Can relationships survive different political views?

A Dan Savage love column provokes an age-old debate

Published October 12, 2012 3:56PM (EDT)

This article originally appeared on AlterNet.

What if you were dating someone for seven months and just found out they were anti-choice — a position you vehemently detest?

AlterNet Well, that happened to one woman who wrote in to Dan Savage’s love column on Wednesday. The woman told Savage that when she found out her boyfriend believed life begins at conception and is strongly against abortion, she almost broke up with him. But her boyfriend, whom she described as a “sweet, loving guy and progressive in every other way,” said that disagreeing on an issue is fine in a relationship. But the woman was still left uneasy and turned to Savage for help.

So what was Savage’s advice?

Well, first he said that she should tell him she’s pregnant. Savage said that most men who are anti-choice believe in their ideals in an abstract form, but “come to a very different conclusion about the importance of access to safe and legal abortion when an unplanned pregnancy impacts them directly.”

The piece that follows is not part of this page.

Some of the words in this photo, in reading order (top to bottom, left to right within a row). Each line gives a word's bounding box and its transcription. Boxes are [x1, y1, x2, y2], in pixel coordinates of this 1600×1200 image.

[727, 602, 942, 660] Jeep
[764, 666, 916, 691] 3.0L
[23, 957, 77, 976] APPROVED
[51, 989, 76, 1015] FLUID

But to answer her question on whether she should continue to date her boyfriend, Savage concluded with a powerful “No.”

Savage wrote:

"Women have to be in control of their own bodies—and when and whether they reproduce—in order to be truly equal. I don't think I could date someone who didn't see me as his equal or who believed that the state should regulate my sexual or reproductive choices. So, yeah, this shit would be a deal breaker for me … if I had a vagina."

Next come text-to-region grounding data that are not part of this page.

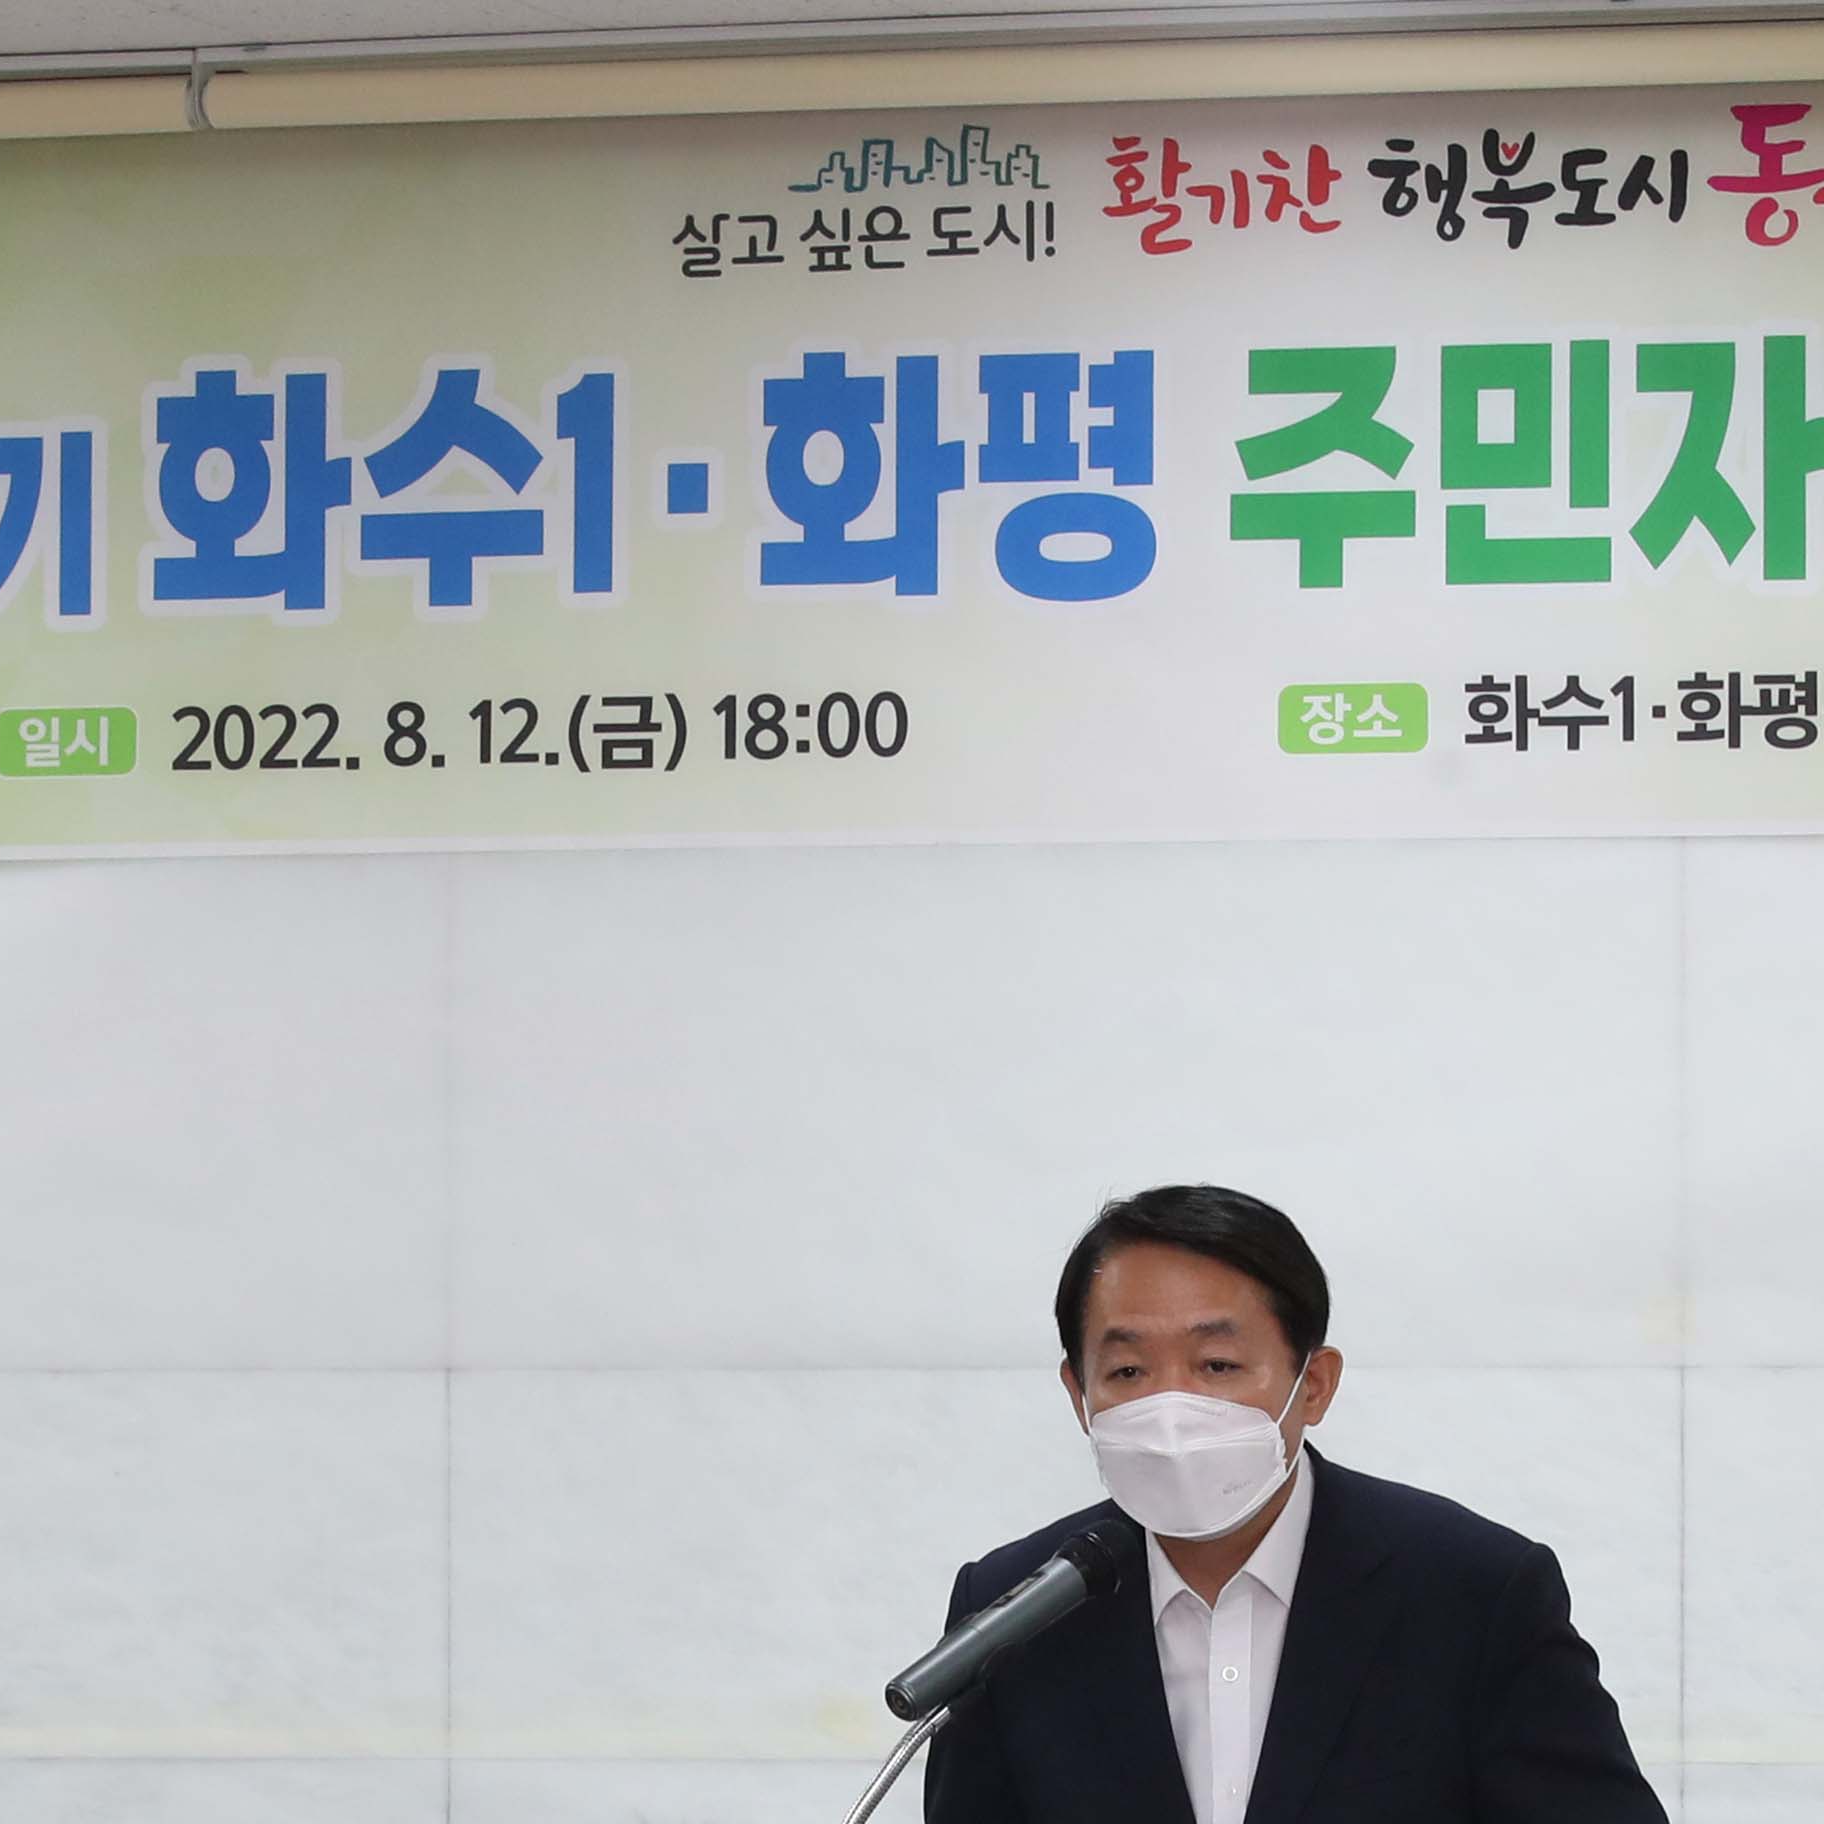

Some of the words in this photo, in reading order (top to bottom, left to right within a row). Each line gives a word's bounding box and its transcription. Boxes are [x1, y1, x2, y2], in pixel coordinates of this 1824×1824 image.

[670, 211, 786, 280] 살고
[798, 204, 912, 274] 싶은
[924, 198, 1057, 264] 도시!
[1102, 135, 1344, 256] 활기찬
[1365, 126, 1690, 251] 행복도시
[17, 715, 111, 768] 일시
[170, 702, 361, 772] 2022.
[382, 699, 447, 769] 8.
[467, 692, 688, 774] 12.(금)
[711, 690, 909, 761] 18:00
[1299, 692, 1404, 746] 장소

But in his next paragraph, he concedes:

"Actually, this issue is a deal breaker for me, even though I don't have a vagina. I wouldn't date a gay dude who was anti-choice. Any gay man who can't see the connection between a woman's right to have children when she chooses and his right to love and marry the person he chooses is an idiot. And I don't date idiots."

So is it impossible to date someone with different political views than you? Perhaps if you and your partner aren’t very political.

But then you have couples like Mary Matalin and James Carville, a Republican political consultant and a Democratic political consultant, respectively. Both are very political and not only have opposing views, but actually work for opposing parties.

How do they do it?

Carville once stated:

"We have different ways of looking at politics. No doubt about that. But Jews and Catholics who get married probably have a different way of looking at God. It’s just not a deal-breaker."

To which Matalin added:

"I know it’s hard to believe, but we just don’t talk politics at home."

Perhaps the only way it works is if couples, like Matalin and Carville, view their beliefs as abstractions — like opinions they came to through some sort of logic and that remain out there. But once people connect politics to their personal, emotional experiences, it’s impossible to see political views as simple opinions.

But what if a couple's personal experiences leave them with different political views? I suppose a lot of empathy and a lot of talking politics at home could do the trick. Unless, of course, they just want to live in ignorant bliss.

I think there’s a truth to the phrase “opposites attract.” Though I think that pertains to certain personality characteristics and dispositions. But having conflicting fundamental values? I’m not so sure. It would probably take a lot of time and effort — things that people with opposing views these days don’t seem to have.